Coraline sighed. Then she went to the freezer and got out some microwave chips and a microwave minipizza.

“You know I don't like recipes,” she told her father, while her dinner went around and around and the little red numbers on the microwave oven counted down to zero.

“If you tried it, maybe you'd like it,” said Coraline's father, but she shook her head.

That night, Coraline lay awake in her bed. The rain had stopped, and she was almost asleep when something went t-t-t-t-t-t. She sat up in bed.

Something went kreeee…

…aaaak

Coraline got out of bed and looked down the hall, but saw nothing strange. She walked down the hall. From her parents' bedroom came a low snoring—that was her father—and an occasional sleeping mutter—that was her mother.

Coraline wondered if she'd dreamed it, whatever it was.

Something moved.

It was little more than a shadow, and it scuttled down the darkened hall fast, like a little patch of night.

She hoped it wasn't a spider. Spiders made Coraline intensely uncomfortable.

The black shape went into the drawing room, and Coraline followed it a little nervously.

The room was dark. The only light came from the hall, and Coraline, who was standing in the doorway, cast a huge and distorted shadow onto the drawing room carpet—she looked like a thin giant woman.

Coraline was just wondering whether or not she ought to turn on the lights when she saw the black shape edge slowly out from beneath the sofa. It paused, and then dashed silently across the carpet toward the farthest corner of the room.

There was no furniture in that corner of the room.

Coraline turned on the light.

There was nothing in the corner. Nothing but the old door that opened onto the brick wall.

She was sure that her mother had shut the door, but now it was ever so slightly open. Just a crack. Coraline went over to it and looked in. There was nothing there—just a wall, built of red bricks.

Coraline closed the old wooden door, turned out the light, and went to bed.

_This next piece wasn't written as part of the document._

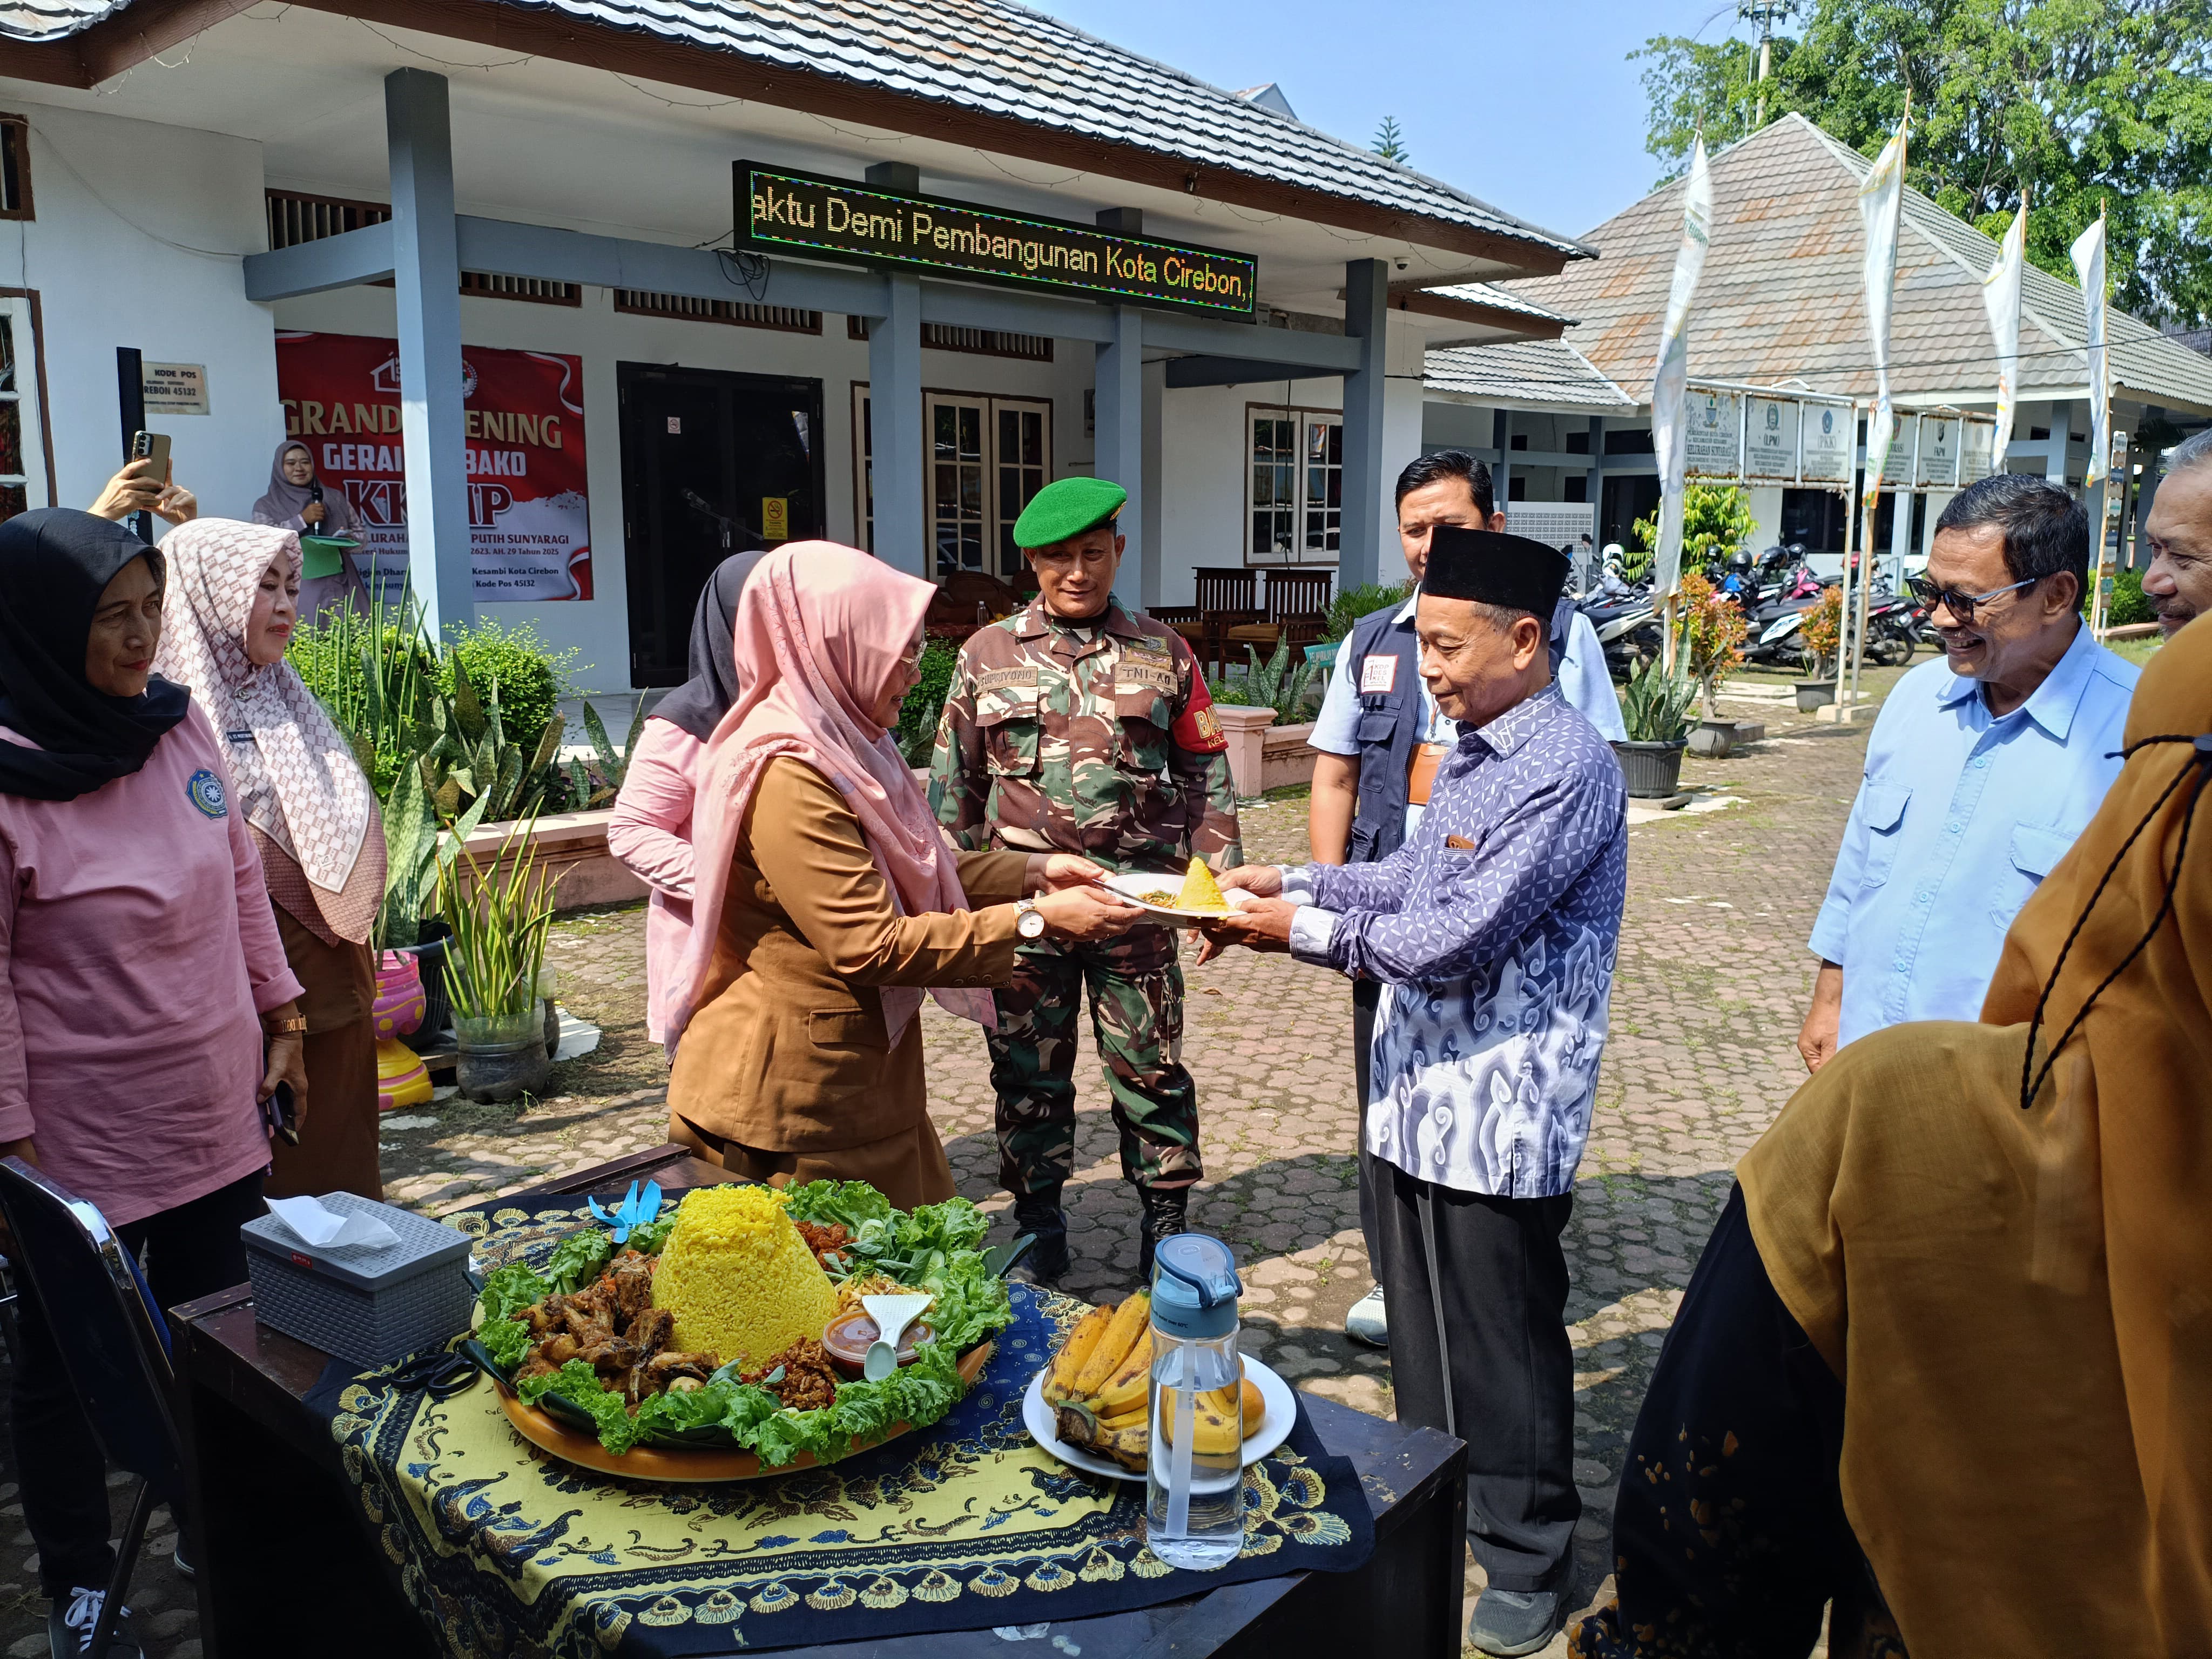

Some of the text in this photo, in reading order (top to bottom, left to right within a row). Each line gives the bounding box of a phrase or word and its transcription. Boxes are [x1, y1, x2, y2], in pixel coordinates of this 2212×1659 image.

She dreamed of black shapes that slid from place to place, avoiding the light, until they were all gathered together under the moon. Little black shapes with little red eyes and sharp yellow teeth.

They started to sing,

We are small but we are many
We are many we are small
We were here before you rose
We will be here when you fall.

Their voices were high and whispering and slightly whiney. They made Coraline feel uncomfortable.

Then Coraline dreamed a few commercials, and after that she dreamed of nothing at all.